◆ PROBLEM REQUIREMENTS ◆
In the copy, keep every record exact and leave out all images.

◆ Spatial localization data ◆
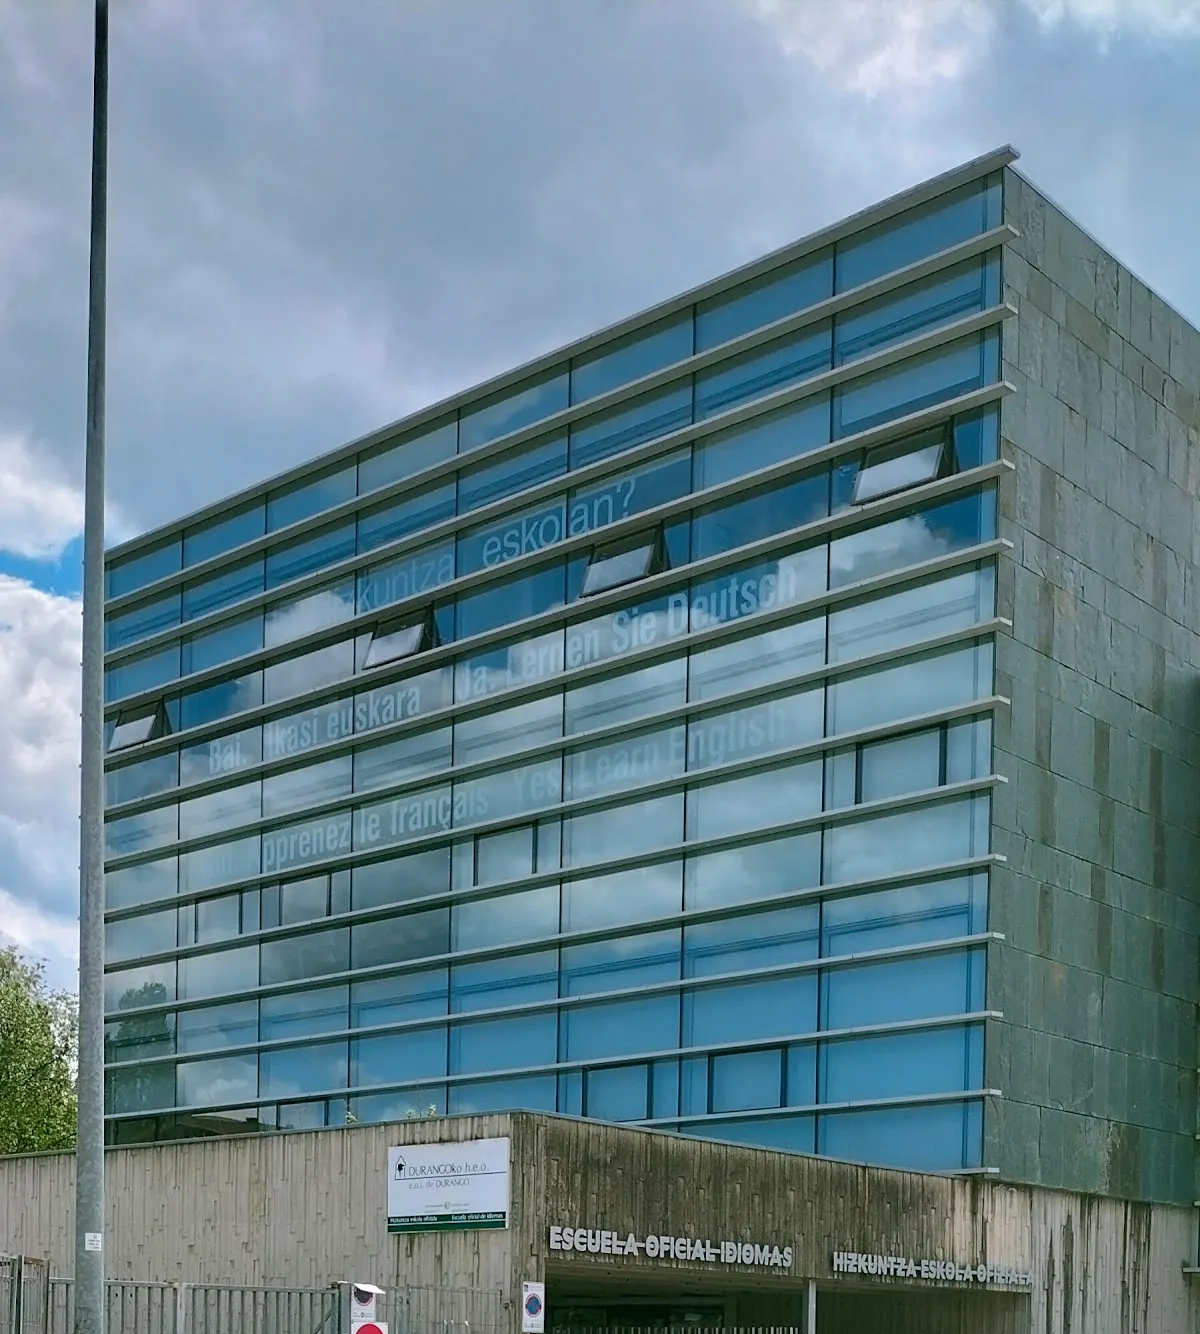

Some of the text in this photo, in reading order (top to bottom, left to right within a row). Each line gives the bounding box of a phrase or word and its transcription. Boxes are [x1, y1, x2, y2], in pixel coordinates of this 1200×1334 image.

[482, 476, 636, 568] eskolan?
[505, 624, 601, 685] Lernen
[612, 606, 657, 653] Sie
[666, 560, 797, 637] Deutsch
[265, 710, 318, 758] Ikasi
[326, 684, 421, 740] euskara
[578, 740, 659, 791] Learn
[668, 706, 786, 767] English
[359, 806, 381, 844] le
[391, 786, 489, 836] français
[408, 1163, 462, 1177] DURANGOko
[435, 1178, 470, 1188] DURANGO
[549, 1226, 793, 1268] ESCUELA OFICIAL IDIOMAS
[833, 1251, 1036, 1286] HIZKUNTZA ESKOLA OFIZIALA
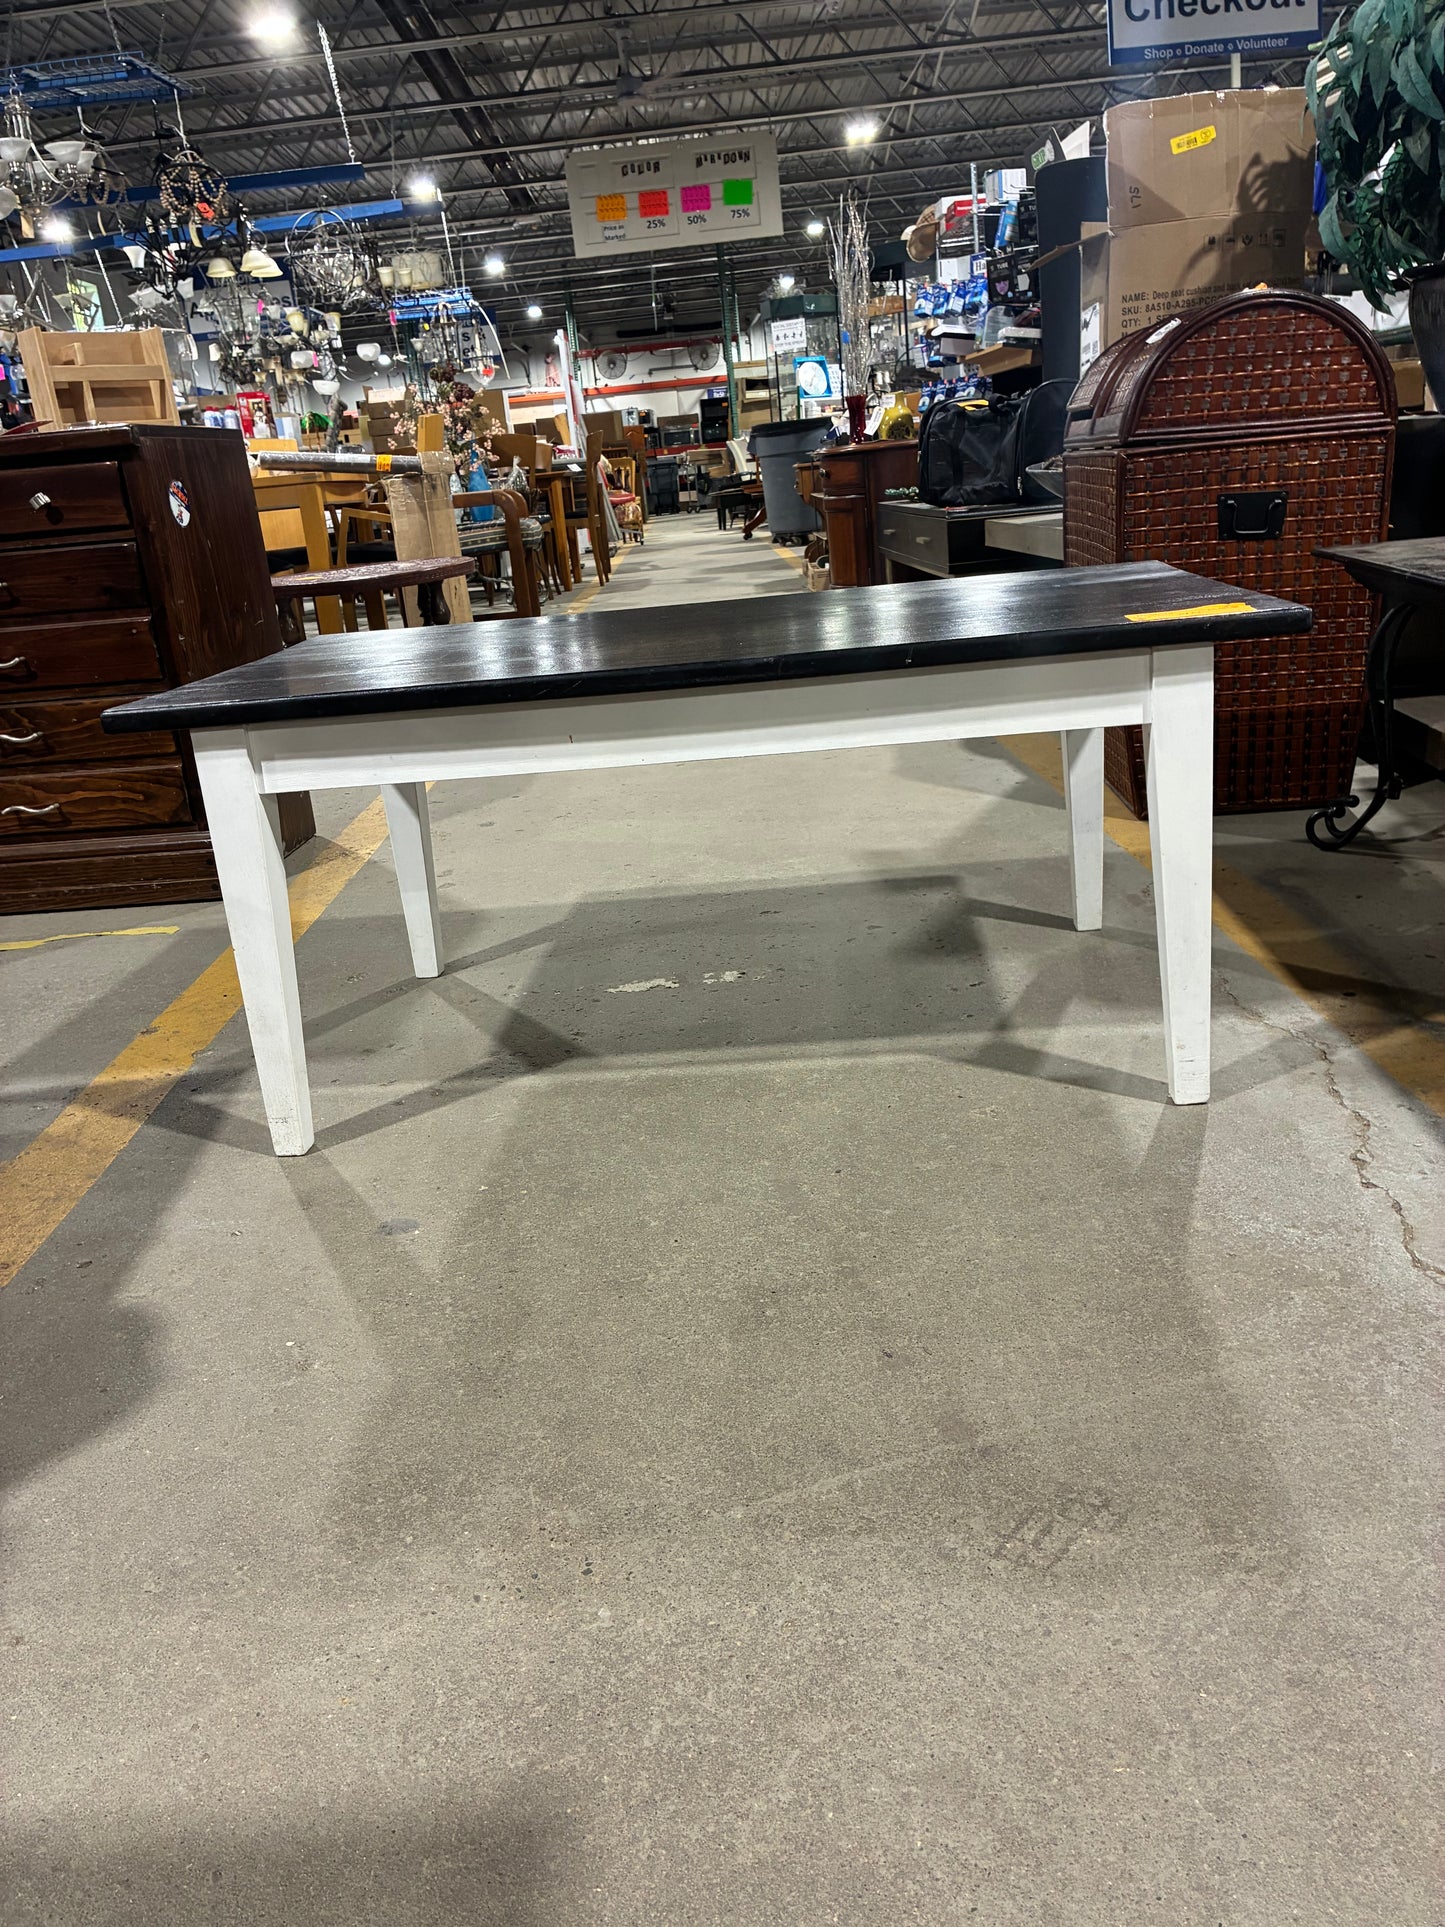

◆ SOLVED PROBLEM ◆
Some of the text in this photo, in reading order (top to bottom, left to right within a row). Each line gives the bounding box of a phrase or word and its transcription. Boxes are [x1, y1, x2, y2], in pixel coordinates of this 1200×1334 image.

[482, 476, 636, 568] eskolan?
[505, 624, 601, 685] Lernen
[612, 606, 657, 653] Sie
[666, 560, 797, 637] Deutsch
[265, 710, 318, 758] Ikasi
[326, 684, 421, 740] euskara
[578, 740, 659, 791] Learn
[668, 706, 786, 767] English
[359, 806, 381, 844] le
[391, 786, 489, 836] français
[408, 1163, 462, 1177] DURANGOko
[435, 1178, 470, 1188] DURANGO
[549, 1226, 793, 1268] ESCUELA OFICIAL IDIOMAS
[833, 1251, 1036, 1286] HIZKUNTZA ESKOLA OFIZIALA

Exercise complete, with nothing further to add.